La tensione palpabile, densa come la nebbia che spesso avvolge Marghera, si è materializzata in un blocco umano imponente.
Un fiume di persone, stimato in almeno quindicimila unità, si è riversato sulle strade, un corteo vibrante di rabbia e frustrazione, con l’obiettivo dichiarato di accedere al complesso industriale del porto commerciale.
L’attesa, protrattasi per ore sotto l’implacabile sguardo del casello, aveva alimentato un’energia repressa, pronta a esplodere.
La manifestazione, nata da un sentire diffuso di disagio e preoccupazione per le conseguenze socio-ambientali dell’attività portuale, rappresentava una convergenza di diverse istanze: lavoratori precari, attivisti ambientali, residenti locali esasperati dalla crescente inquinamento e dalla percezione di un potere industriale incontrollato.
Il corteo non era un evento isolato, ma l’apice di un conflitto latente, un grido di protesta contro una realtà percepita come ingiusta e insostenibile.

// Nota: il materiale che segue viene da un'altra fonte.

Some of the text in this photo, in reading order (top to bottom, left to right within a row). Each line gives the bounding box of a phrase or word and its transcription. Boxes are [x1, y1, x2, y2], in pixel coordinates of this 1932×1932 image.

L’avanzata del corteo, inizialmente pacifica e determinata, si è scontrata con il muro invalicabile rappresentato dalle forze dell’ordine, schierate a protezione dell’infrastruttura.

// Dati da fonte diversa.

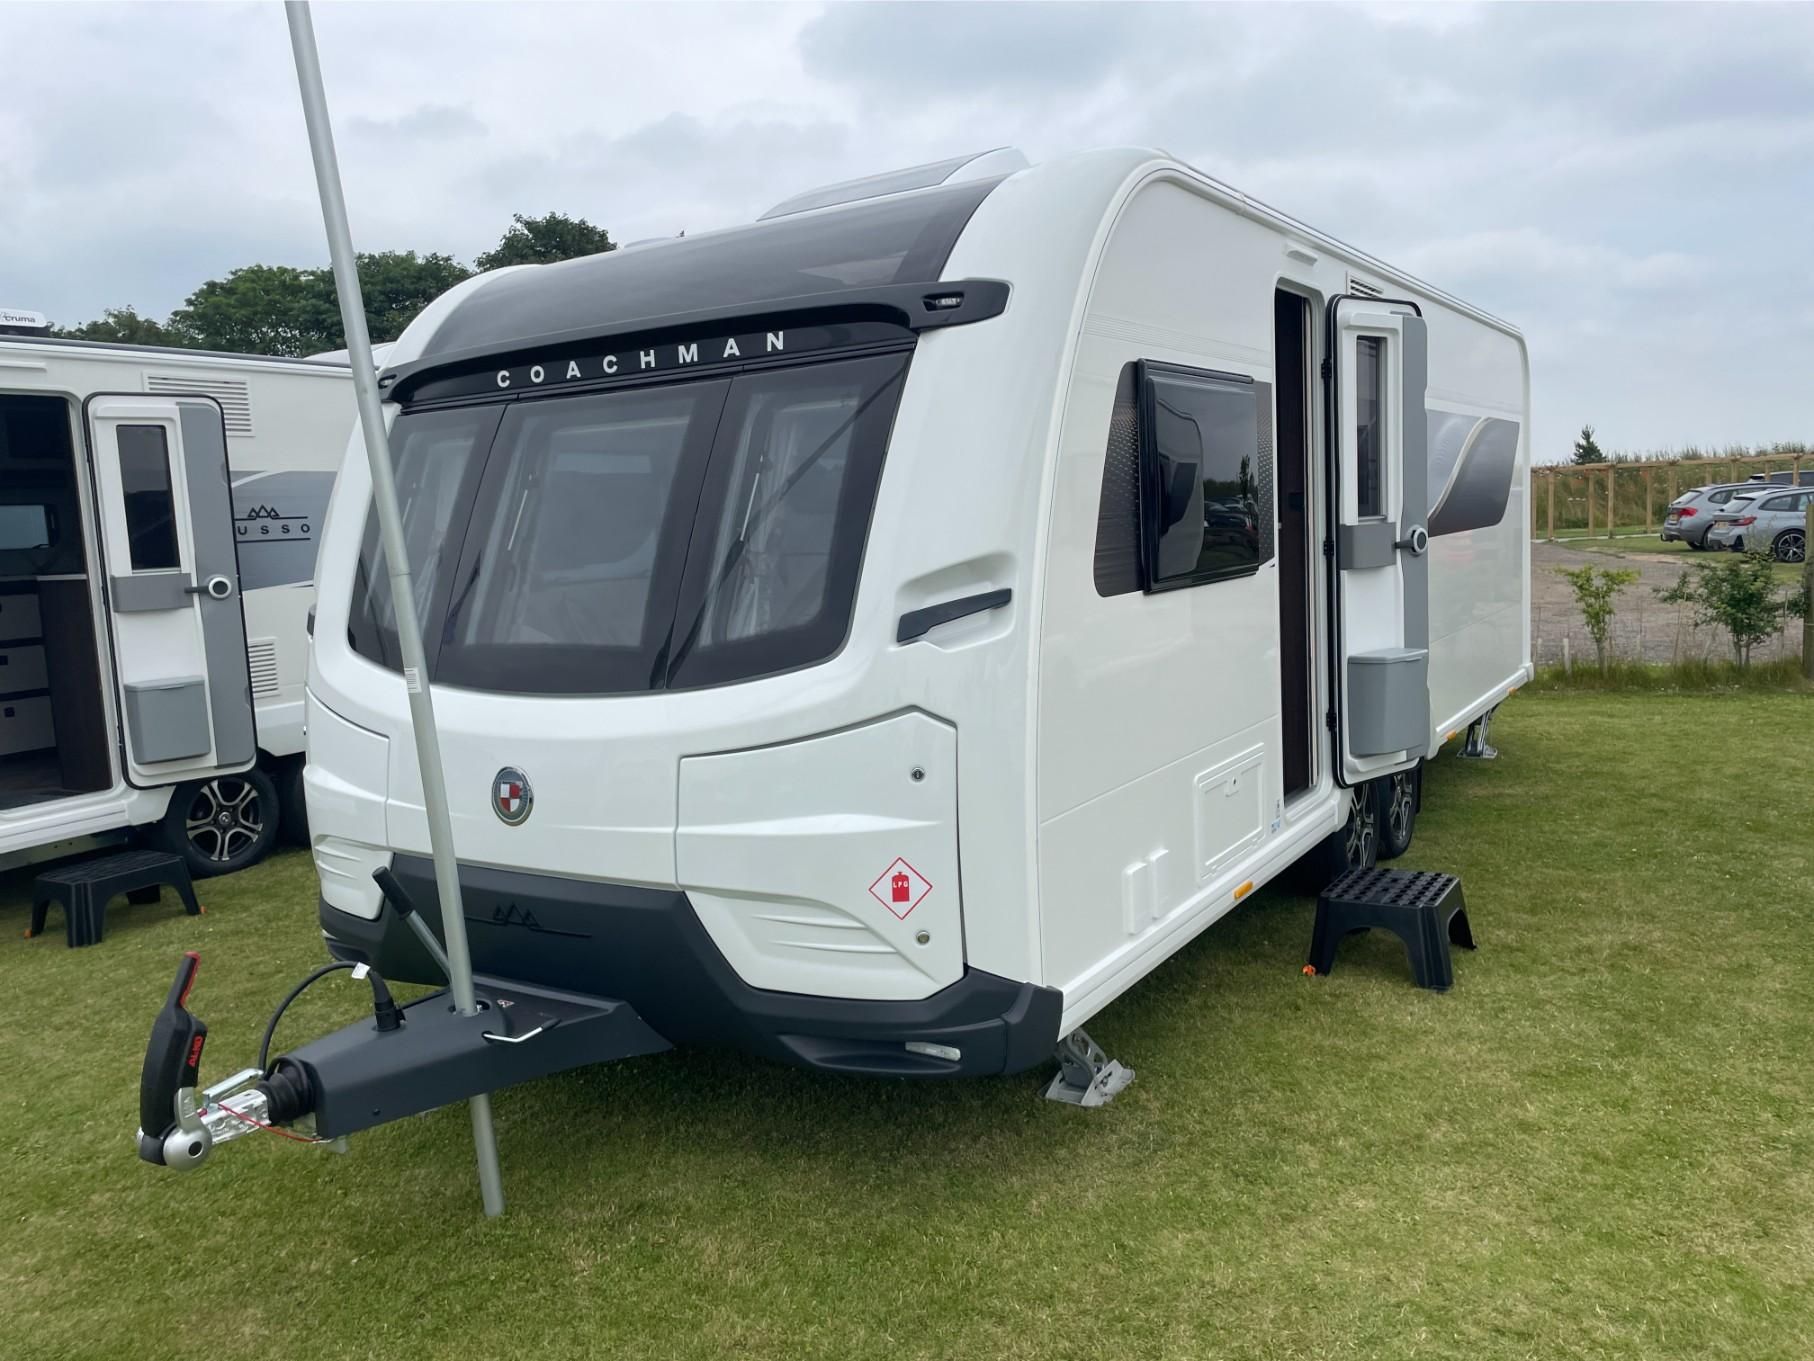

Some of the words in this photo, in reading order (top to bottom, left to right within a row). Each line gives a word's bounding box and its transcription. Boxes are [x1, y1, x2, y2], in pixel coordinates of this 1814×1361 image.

La situazione si è polarizzata in un istante, quando, con una decisione repentina, gli idranti si sono attivati, riversando getti d’acqua gelida sui manifestanti, trasformando l’aria in una coltre umida e pungente.
La reazione non si è fatta attendere.
Un gesto isolato, un atto di disperazione o di rabbia, ha innescato una breve, violenta rappresaglia: alcune bottiglie sono state lanciate verso le linee di polizia.
Questo episodio, marginale ma simbolico, ha amplificato la frattura e ha fornito un pretesto per una risposta più decisa da parte delle forze dell’ordine, che hanno progressivamente iniziato ad avanzare, spingendo indietro il corteo.
Il grido di “fascisti!” si è levato dalla folla, un’espressione di indignazione e di senso di tradimento, un’accusa rivolta a coloro che, con la forza, impedivano la loro legittima richiesta di ascolto.
Non era solo un’etichetta denigratoria, ma la percezione di un potere autoritario e repressivo, incapace di dialogare e di prendere in considerazione le loro preoccupazioni.
La pressione delle forze dell’ordine, unita alla consapevolezza di essere in inferiorità numerica e di fronte a un dispositivo repressivo organizzato, ha lentamente indotto il corteo a cedere terreno.
L’abbandono dell’ingresso del porto non è stato un atto di resa, ma una ritirata strategica, un segnale che la lotta per la giustizia e la sostenibilità ambientale non si sarebbe fermata, ma avrebbe trovato nuove forme e nuovi luoghi di confronto.
Il corteo si è sciolto, ma la sua eco avrebbe continuato a risuonare, alimentando la speranza di un futuro più equo e rispettoso del territorio e delle persone che lo abitano.